One of the first inspirations for GIRL IN ICE came from one of the final scenes in the original, 1931, black and white version of Frankenstein. It has haunted me since the day I saw it, more than 40 years ago.
Frankenstein’s monster, hunted, bloodied, in despair, has given up on finding any kindness or acceptance from mankind. He turns from the camera and lurches forward into an unforgiving Arctic landscape, a mad blizzard swirling all around him. Slowly, his blocky, black silhouette is devoured by all the ravenous white, and he is gone. This image broke my heart in ways I’m still trying to parse, but I think it has to do with human cruelty, and our intolerance for our own human variety.
There is no Frankenstein’s monster in GIRL IN ICE, but that feeling of desolation and desperation—as well as the stunning Arctic landscape—is something I’ve always wanted to render somehow in one of my novels.
The actual spark for the book happened one bitterly cold morning in the winter of 2018. I was walking in the woods near my home and came upon three juvenile painted turtles frozen mid-stroke in the ice along the shallow edge of a pond. They didn’t look alive…but they didn’t look dead either. It turns out there are some animals (and plants too!) that have this freezing-and-coming-back-to-life thing down. Painted turtle hatchlings, some species of beetle, wood frogs, certain alligators, even an adorable one-millimeter length creature called a Tardigrade or “water bear” that can be frozen to -359C and thaw out just fine. Most of these creatures possess a certain cryo-protein that protects their cells from bursting when they freeze.
A protein that…we don’t possess. Still, the image of a young girl frozen in a glacier in the Arctic popped into my head. From there, I asked myself: How did she get there? What was her story?
After I had a first draft of the novel, I made plans for a research trip to Greenland. I need to know my story before I go on these trips, otherwise I don’t know what interviews to set up or what exactly to take note of.
What was the most surprising thing you learned from that research?

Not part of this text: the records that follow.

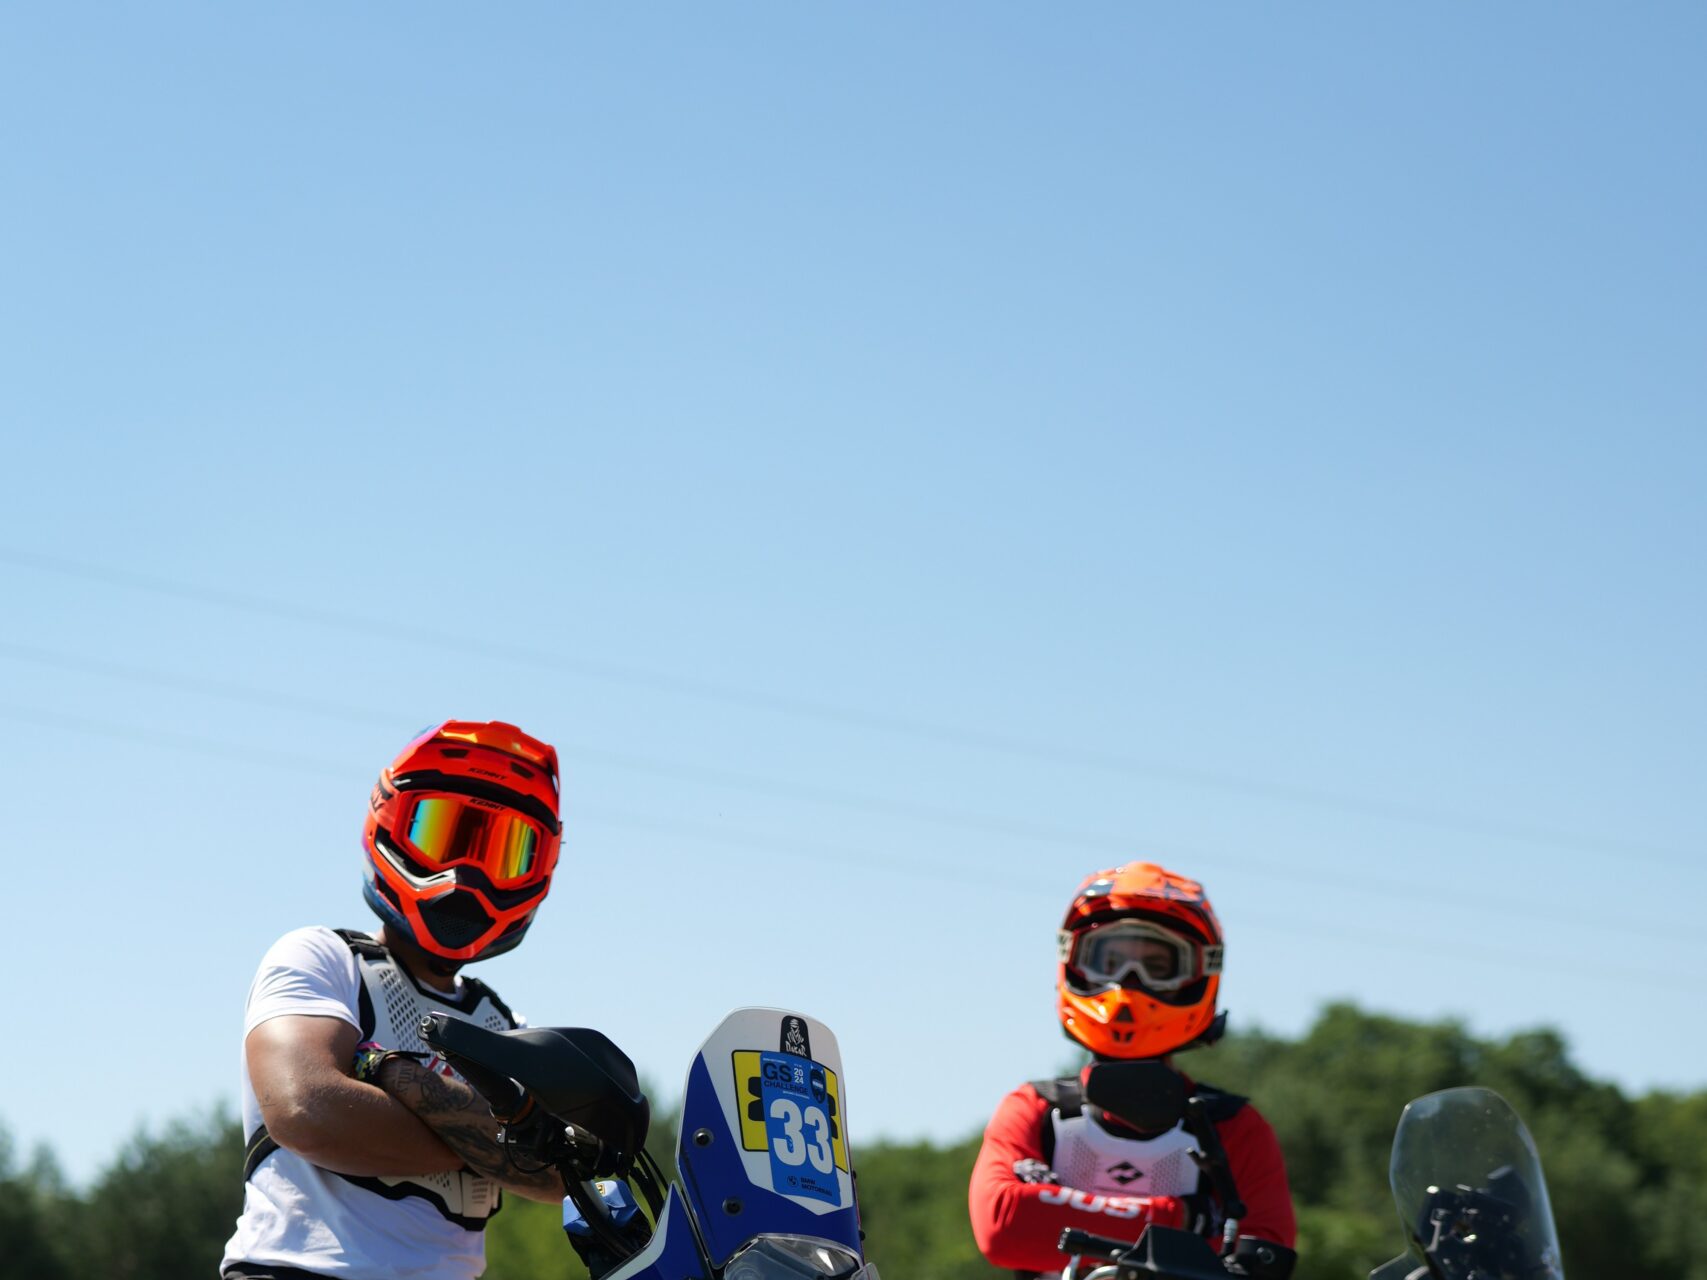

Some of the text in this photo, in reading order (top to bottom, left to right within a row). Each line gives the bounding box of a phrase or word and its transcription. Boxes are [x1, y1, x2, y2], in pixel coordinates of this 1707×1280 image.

[469, 767, 507, 780] KENNY
[470, 798, 506, 811] KENNY
[763, 1062, 792, 1082] GS
[764, 1080, 808, 1095] CHALLENGE
[770, 1098, 833, 1175] 33

This is going to sound silly, but the fact that Greenland is so big, just so vast, and yet so few people live there was hard to wrap my mind around. Only 57,000 people—one tenth the residents in all of Wyoming—call this island, the largest in the world at about a third the size of Canada, home. Most live in Nuuk, the capital; the rest live in towns often with fewer than 500 inhabitants along a 3,000-mile coastline, mostly on the west side. The ice sheet measures 1,500 miles north to south, is two miles deep at its thickest, covers 80 percent of the land mass, and has been frozen for three million years.
The second thing that shocked me was how close Greenland is to pre-history. As recently as 1950, people lived in sod huts: low, square dwellings built by digging a hole in the ground during the short summer season—plus or minus 50 days—then creating a supporting structure for a roof out of whale ribs or driftwood, finally sealing it with skins, peat, and rocks.

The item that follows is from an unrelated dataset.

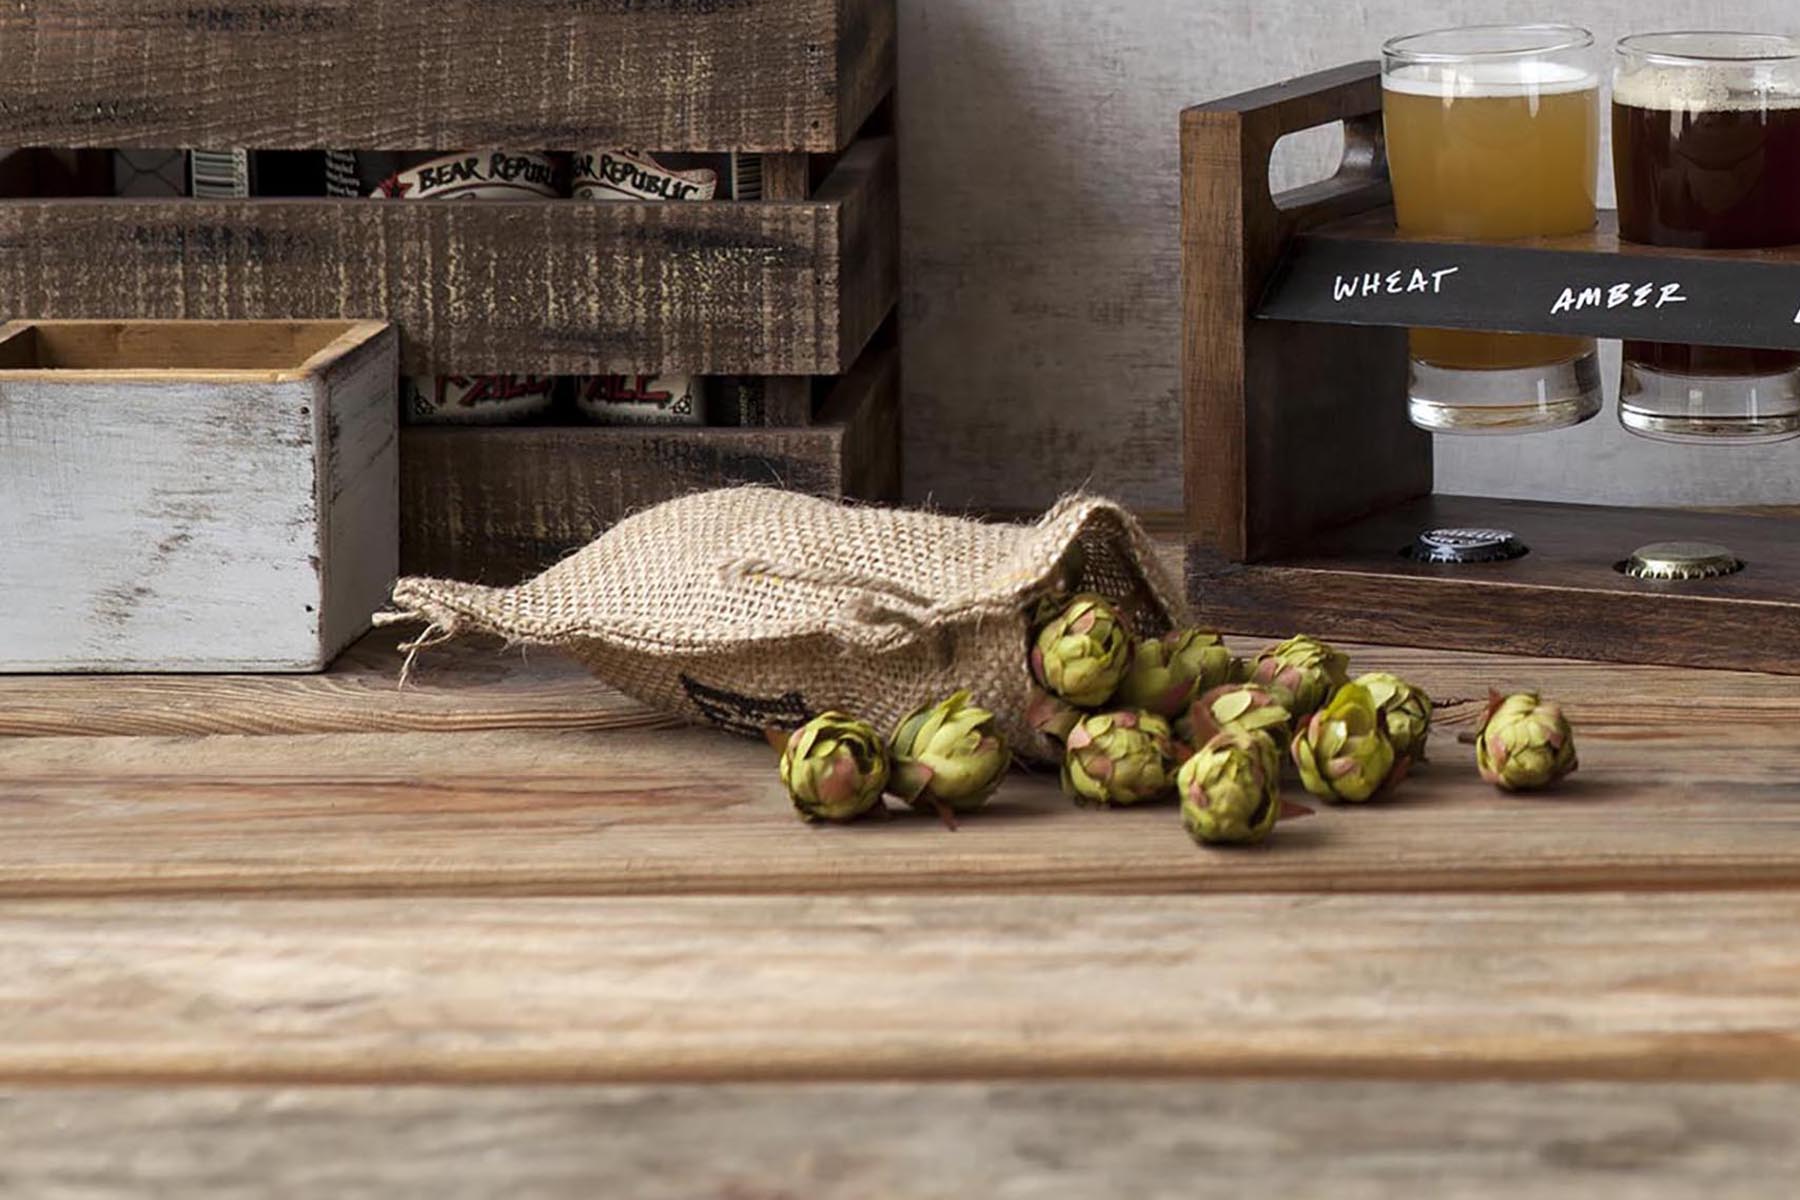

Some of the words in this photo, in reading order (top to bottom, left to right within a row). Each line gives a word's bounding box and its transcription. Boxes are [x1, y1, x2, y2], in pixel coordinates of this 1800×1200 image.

And it’s one thing to read that the present-day economy is mostly subsistence hunting and fishing; it’s another to witness it, read about quotas for narwhal and minke whale, learn what happens when a polar bear is spotted (it’s not gentle), understand that sled dogs are seen as possessions—not pets—that need to be fed. And, sad as it is to witness for someone unaccustomed to this life, it’s cheaper to hunt seal than cough up five dollars for a can of imported dog food.
Most shocking of all? There are no penguins.
How about your most memorable experience during your trip to Greenland?
I had the opportunity to interview the mayor of a small town, and I mean small, just 185 people. He was 70 years old, had been born in a sod hut similar to what I’ve described above. At age seven, he, his family, and the two other families he was living with moved out of it and into a simple wooden home. I asked him how he felt about it, thinking he would express relief or excitement about the change in his life.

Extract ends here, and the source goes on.